Task objective —
Produce a word-for-word copy of the data that follows, excluding images.

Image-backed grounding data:
● ● ●

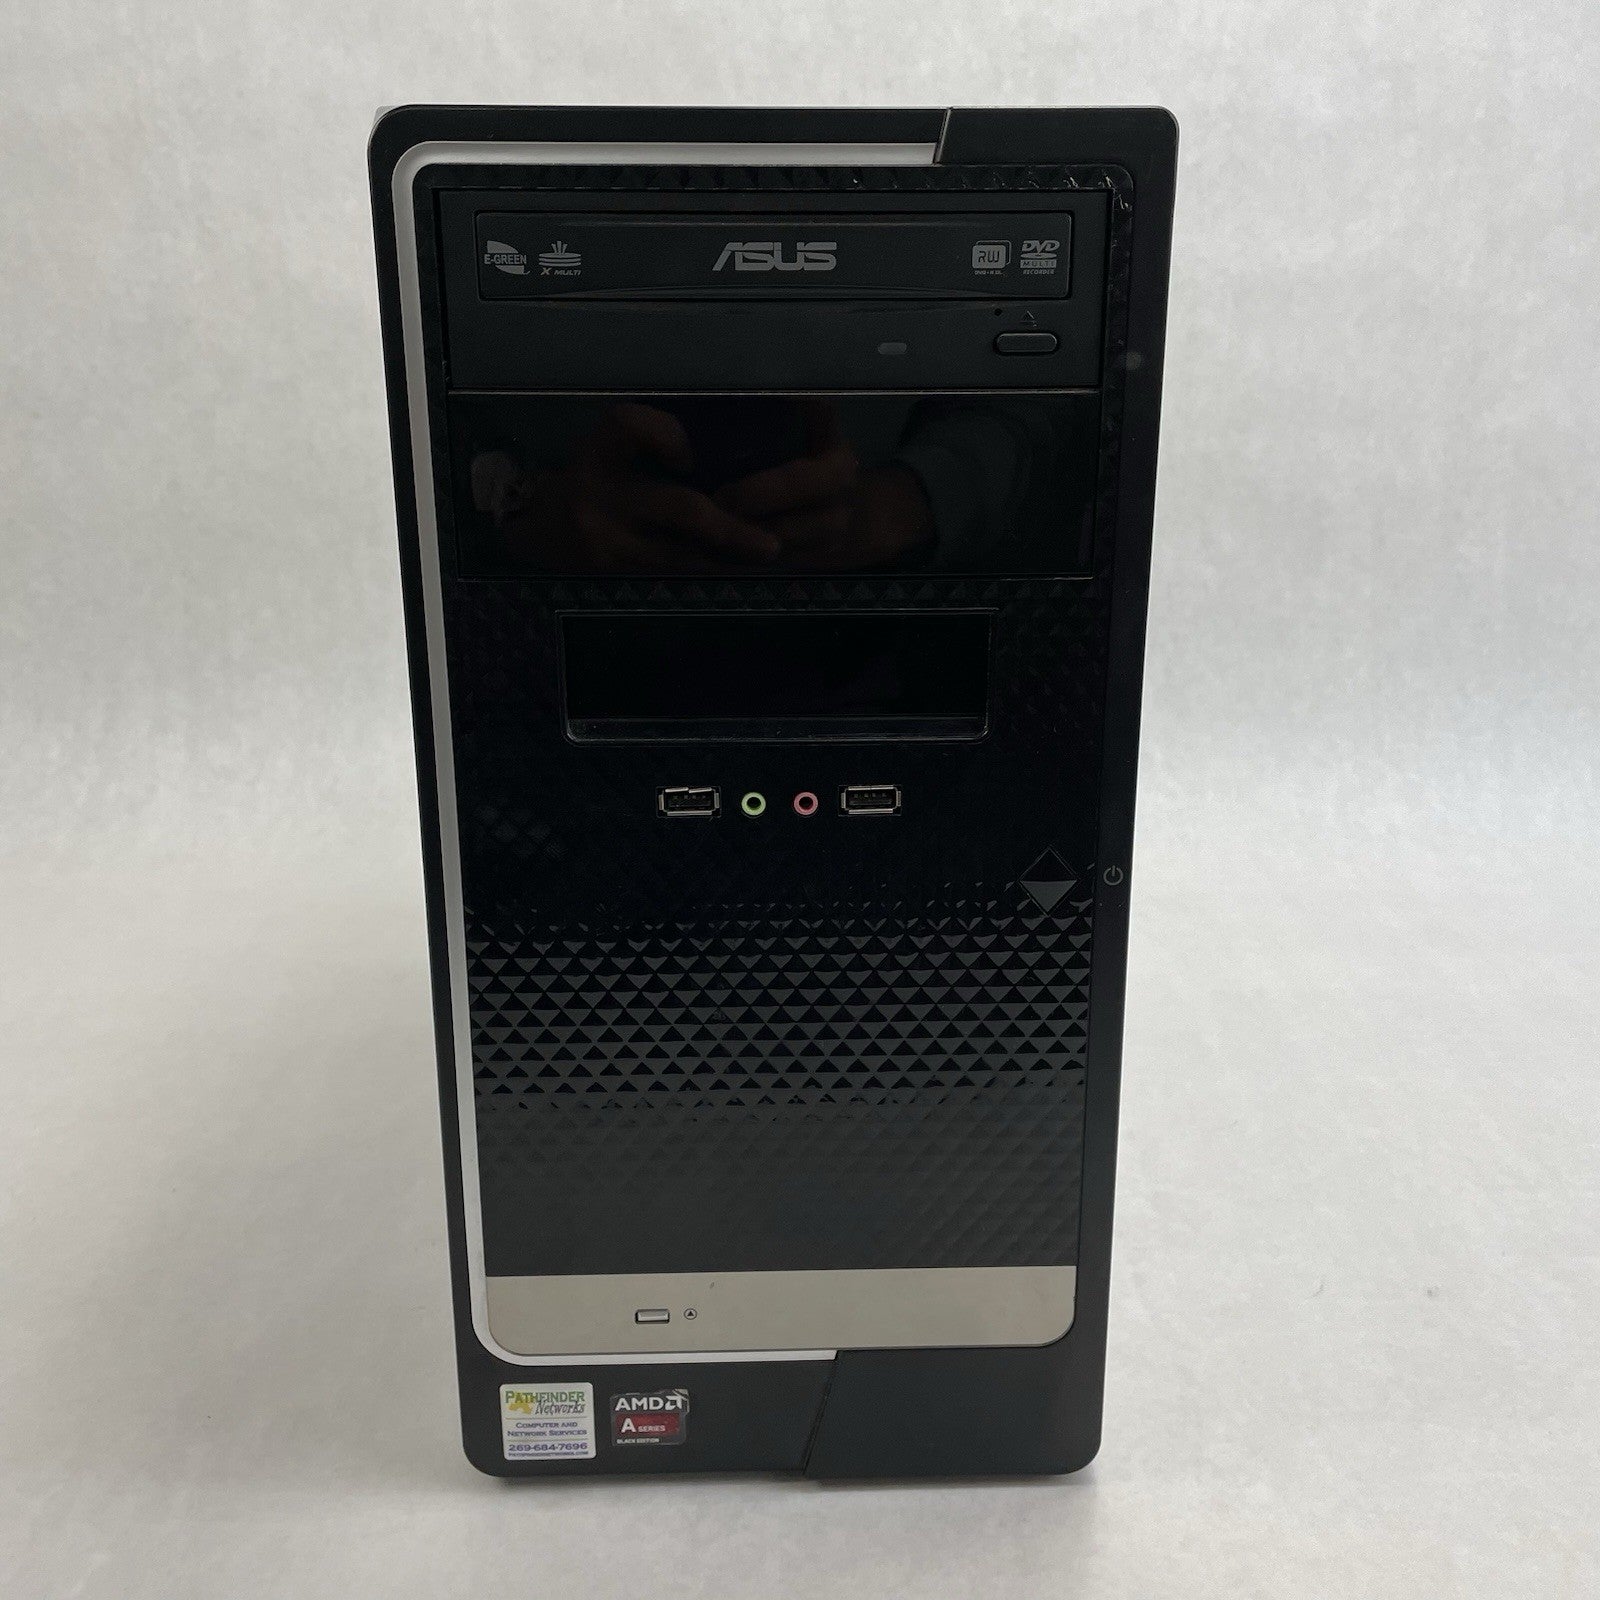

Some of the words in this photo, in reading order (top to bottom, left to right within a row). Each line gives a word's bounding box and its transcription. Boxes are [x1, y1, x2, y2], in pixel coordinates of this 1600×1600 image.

[1022, 240, 1060, 254] DVD
[483, 254, 527, 265] E-GREEN
[712, 241, 837, 271] ASUS
[978, 250, 1000, 263] RW
[505, 1390, 585, 1404] PATHFINDER
[614, 1397, 664, 1411] AMD
[534, 1400, 586, 1415] Networks
[621, 1418, 636, 1433] A
[638, 1425, 666, 1433] SERIES
[508, 1442, 588, 1452] 269-684-7696
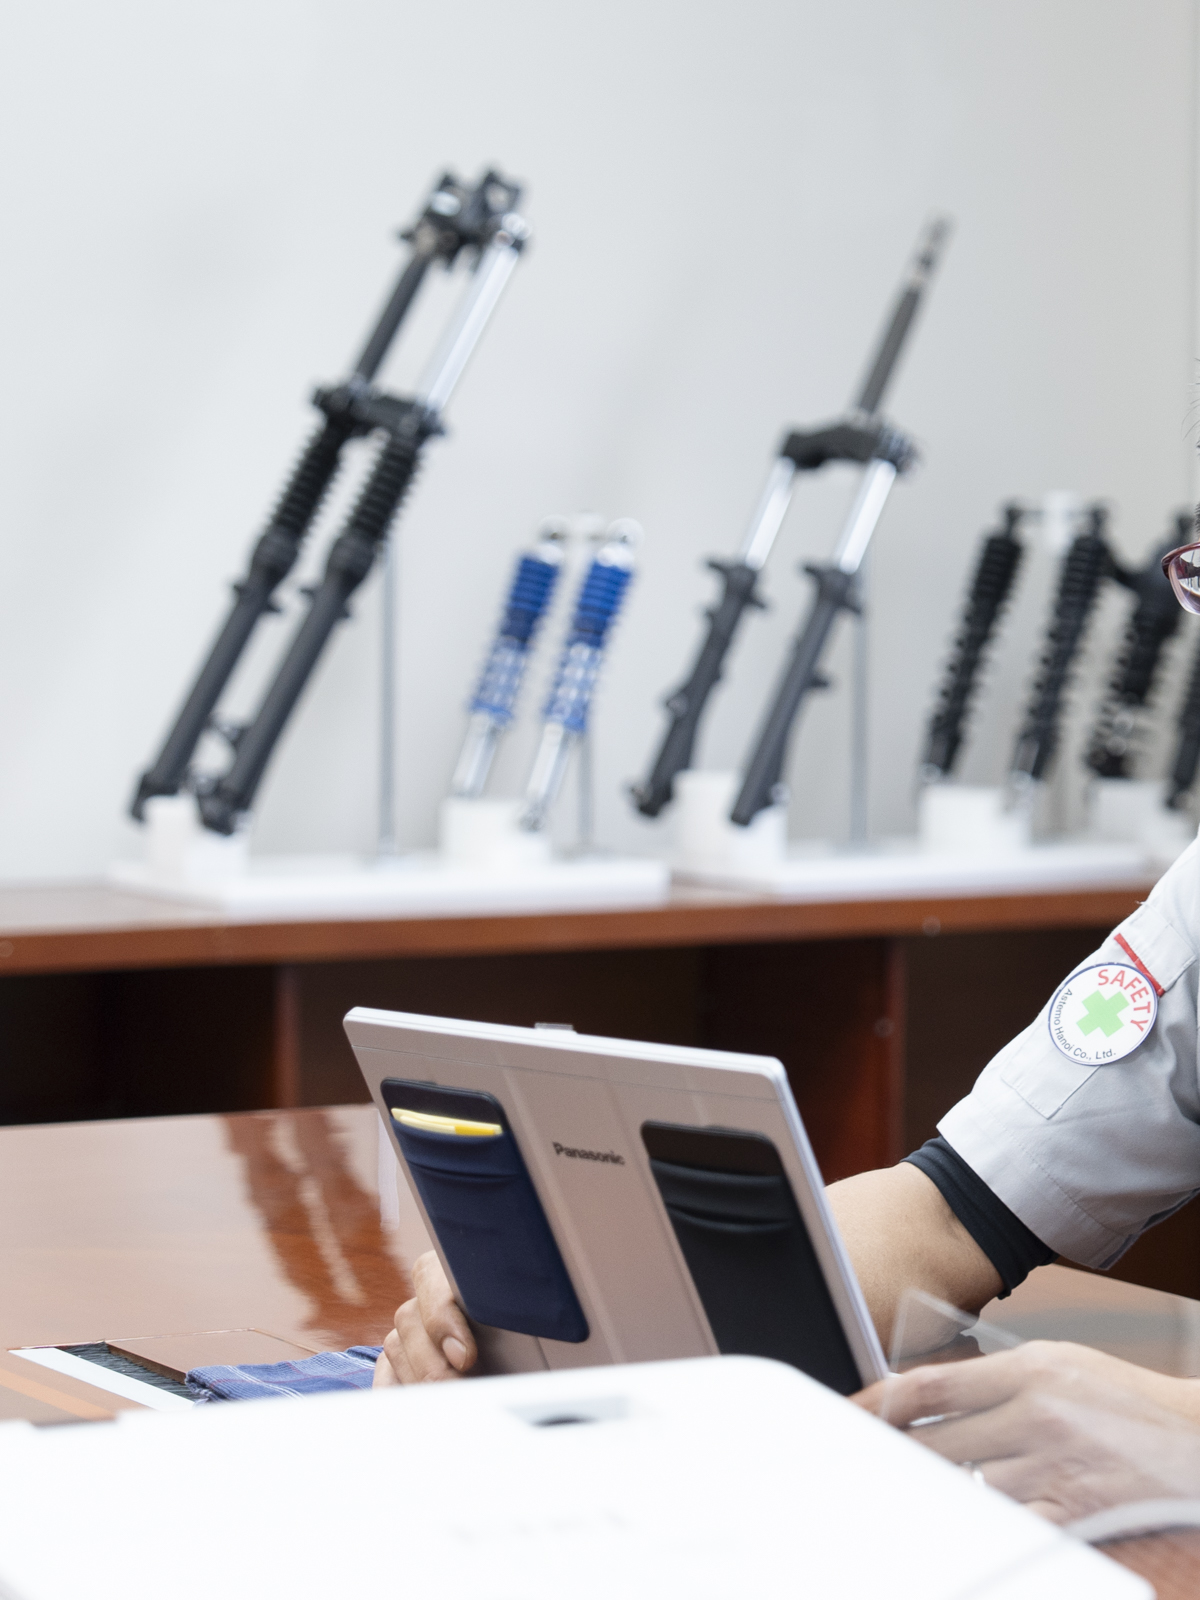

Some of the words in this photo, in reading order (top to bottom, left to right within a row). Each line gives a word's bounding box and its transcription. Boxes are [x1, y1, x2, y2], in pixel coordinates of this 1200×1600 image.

[1053, 988, 1073, 1026] Astemo
[1097, 968, 1151, 1032] SAFETY
[1054, 1026, 1075, 1052] Hanoi
[1073, 1047, 1092, 1061] Co.,
[1095, 1049, 1117, 1060] Ltd.
[552, 1141, 625, 1166] Panasonic

● ● ●

Written solution —
Some of the words in this photo, in reading order (top to bottom, left to right within a row). Each line gives a word's bounding box and its transcription. Boxes are [x1, y1, x2, y2], in pixel coordinates of this 1600×1600 image.

[1022, 240, 1060, 254] DVD
[483, 254, 527, 265] E-GREEN
[712, 241, 837, 271] ASUS
[978, 250, 1000, 263] RW
[505, 1390, 585, 1404] PATHFINDER
[614, 1397, 664, 1411] AMD
[534, 1400, 586, 1415] Networks
[621, 1418, 636, 1433] A
[638, 1425, 666, 1433] SERIES
[508, 1442, 588, 1452] 269-684-7696

Some of the words in this photo, in reading order (top to bottom, left to right within a row). Each line gives a word's bounding box and its transcription. Boxes are [x1, y1, x2, y2], in pixel coordinates of this 1200×1600 image.

[1053, 988, 1073, 1026] Astemo
[1097, 968, 1151, 1032] SAFETY
[1054, 1026, 1075, 1052] Hanoi
[1073, 1047, 1092, 1061] Co.,
[1095, 1049, 1117, 1060] Ltd.
[552, 1141, 625, 1166] Panasonic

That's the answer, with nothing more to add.